─── Available data

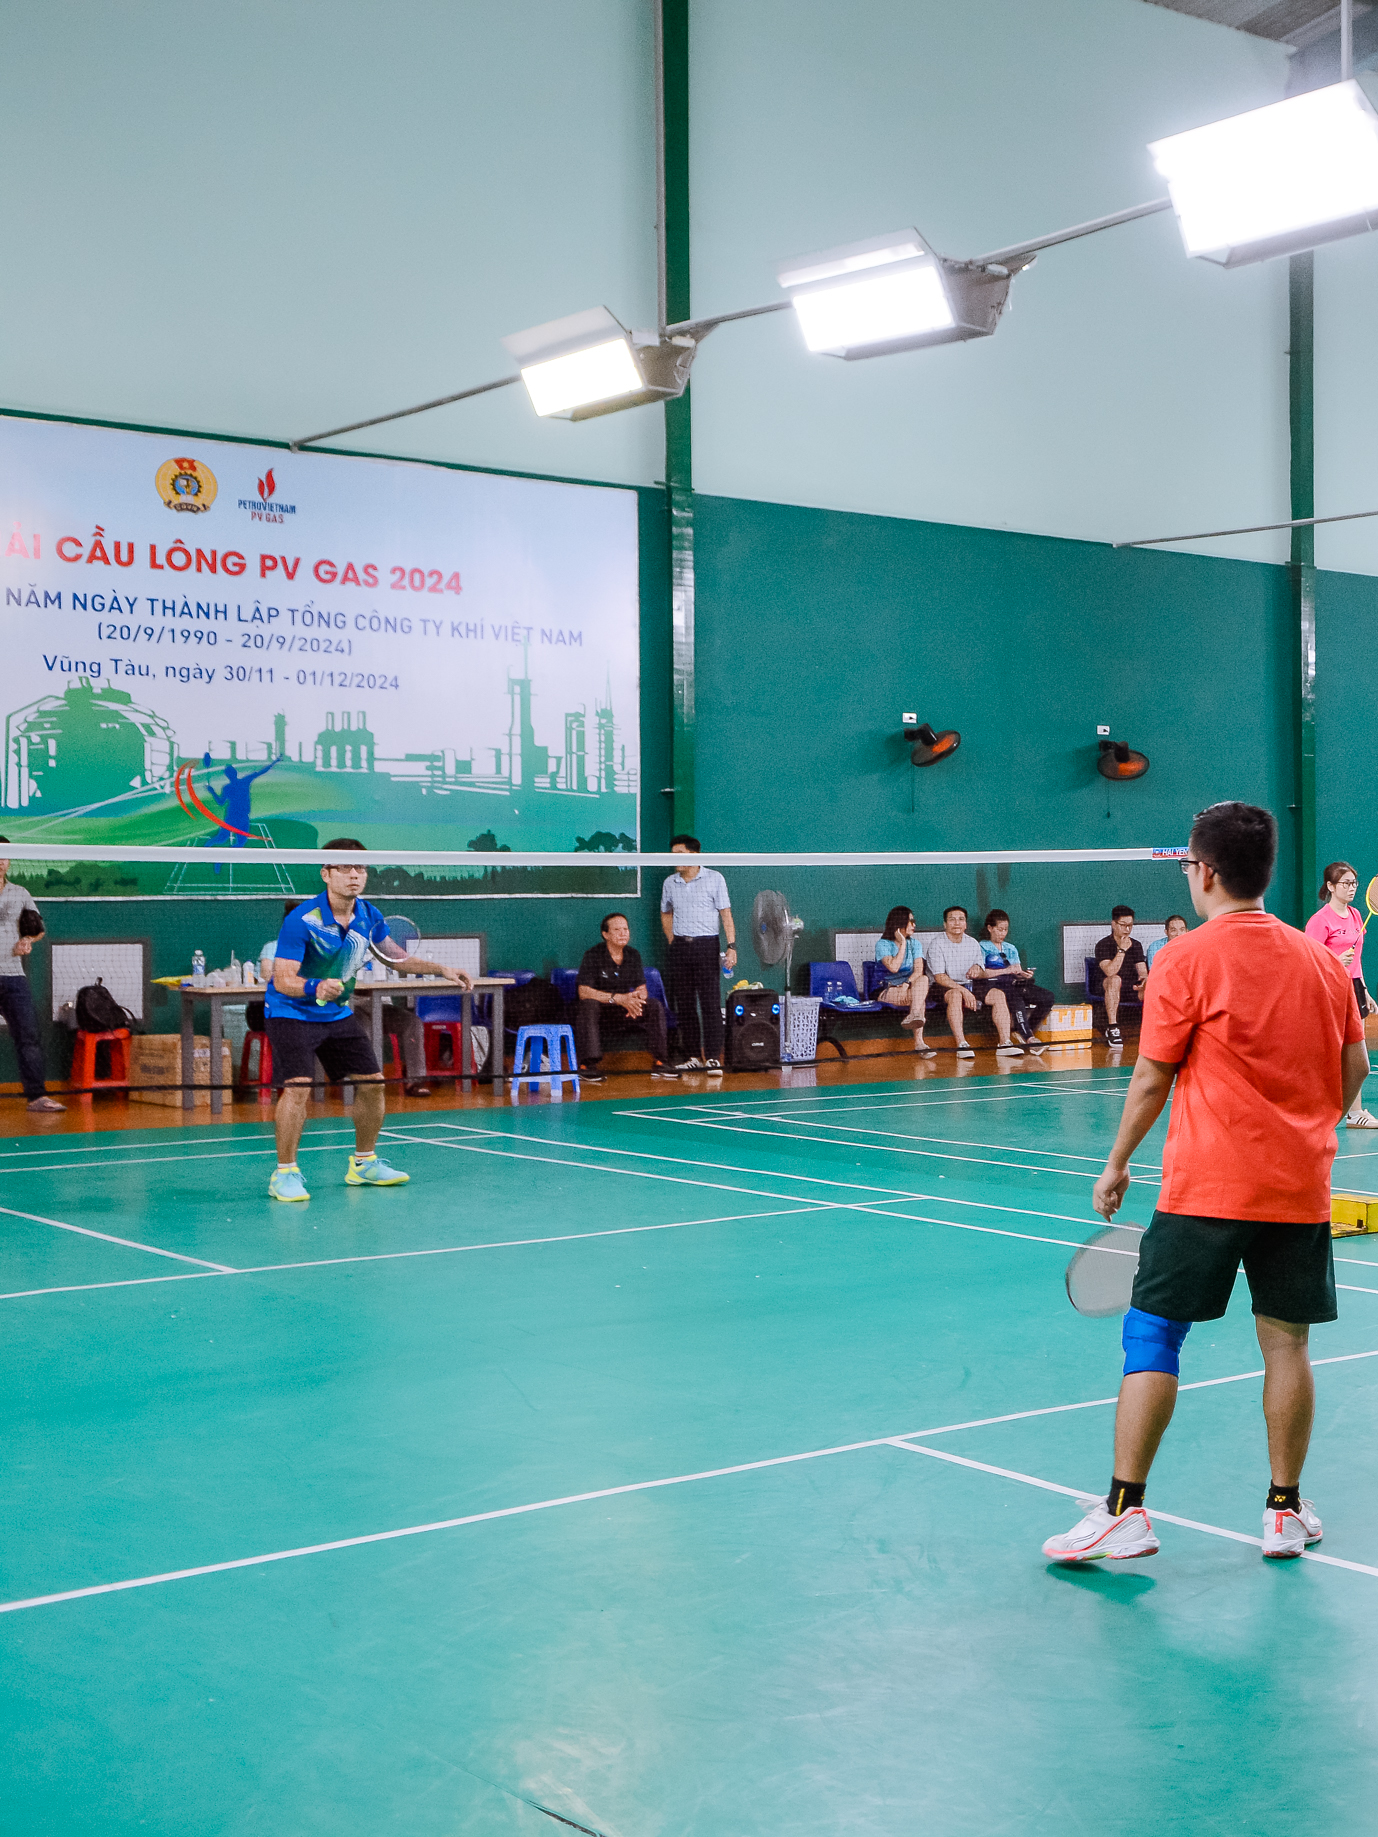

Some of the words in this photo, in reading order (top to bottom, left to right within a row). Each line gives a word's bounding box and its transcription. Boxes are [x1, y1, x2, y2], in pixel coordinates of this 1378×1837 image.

[237, 499, 296, 514] PETROVIETNAM
[251, 511, 263, 522] PV
[265, 512, 284, 524] GAS
[0, 521, 41, 560] ẢI
[55, 524, 135, 567] CẦU
[149, 538, 247, 576] LÔNG
[259, 553, 301, 581] PV
[312, 558, 379, 588] GAS
[389, 565, 463, 595] 2024
[5, 583, 62, 610] NĂM
[71, 589, 138, 615] NGÀY
[146, 594, 228, 621] THÀNH
[237, 600, 280, 628] LẬP
[286, 599, 347, 630] TỔNG
[354, 609, 413, 635] CÔNG
[419, 618, 444, 637] TY
[450, 617, 485, 640] KHÍ
[490, 620, 534, 646] VIỆT
[540, 627, 583, 647] NAM
[97, 621, 218, 646] (20/9/1990
[240, 632, 352, 656] 20/9/2024)
[42, 654, 102, 679] Vũng
[109, 658, 156, 680] Tàu,
[165, 662, 216, 685] ngày
[223, 665, 274, 684] 30/11
[296, 669, 400, 690] 01/12/2024
[1162, 848, 1174, 856] HAI

──────

[Action item] When you write out the data, keep every line exact and drop the pictures.

[Result]
Some of the words in this photo, in reading order (top to bottom, left to right within a row). Each line gives a word's bounding box and its transcription. Boxes are [x1, y1, x2, y2], in pixel coordinates of this 1378×1837 image.

[237, 499, 296, 514] PETROVIETNAM
[251, 511, 263, 522] PV
[265, 512, 284, 524] GAS
[0, 521, 41, 560] ẢI
[55, 524, 135, 567] CẦU
[149, 538, 247, 576] LÔNG
[259, 553, 301, 581] PV
[312, 558, 379, 588] GAS
[389, 565, 463, 595] 2024
[5, 583, 62, 610] NĂM
[71, 589, 138, 615] NGÀY
[146, 594, 228, 621] THÀNH
[237, 600, 280, 628] LẬP
[286, 599, 347, 630] TỔNG
[354, 609, 413, 635] CÔNG
[419, 618, 444, 637] TY
[450, 617, 485, 640] KHÍ
[490, 620, 534, 646] VIỆT
[540, 627, 583, 647] NAM
[97, 621, 218, 646] (20/9/1990
[240, 632, 352, 656] 20/9/2024)
[42, 654, 102, 679] Vũng
[109, 658, 156, 680] Tàu,
[165, 662, 216, 685] ngày
[223, 665, 274, 684] 30/11
[296, 669, 400, 690] 01/12/2024
[1162, 848, 1174, 856] HAI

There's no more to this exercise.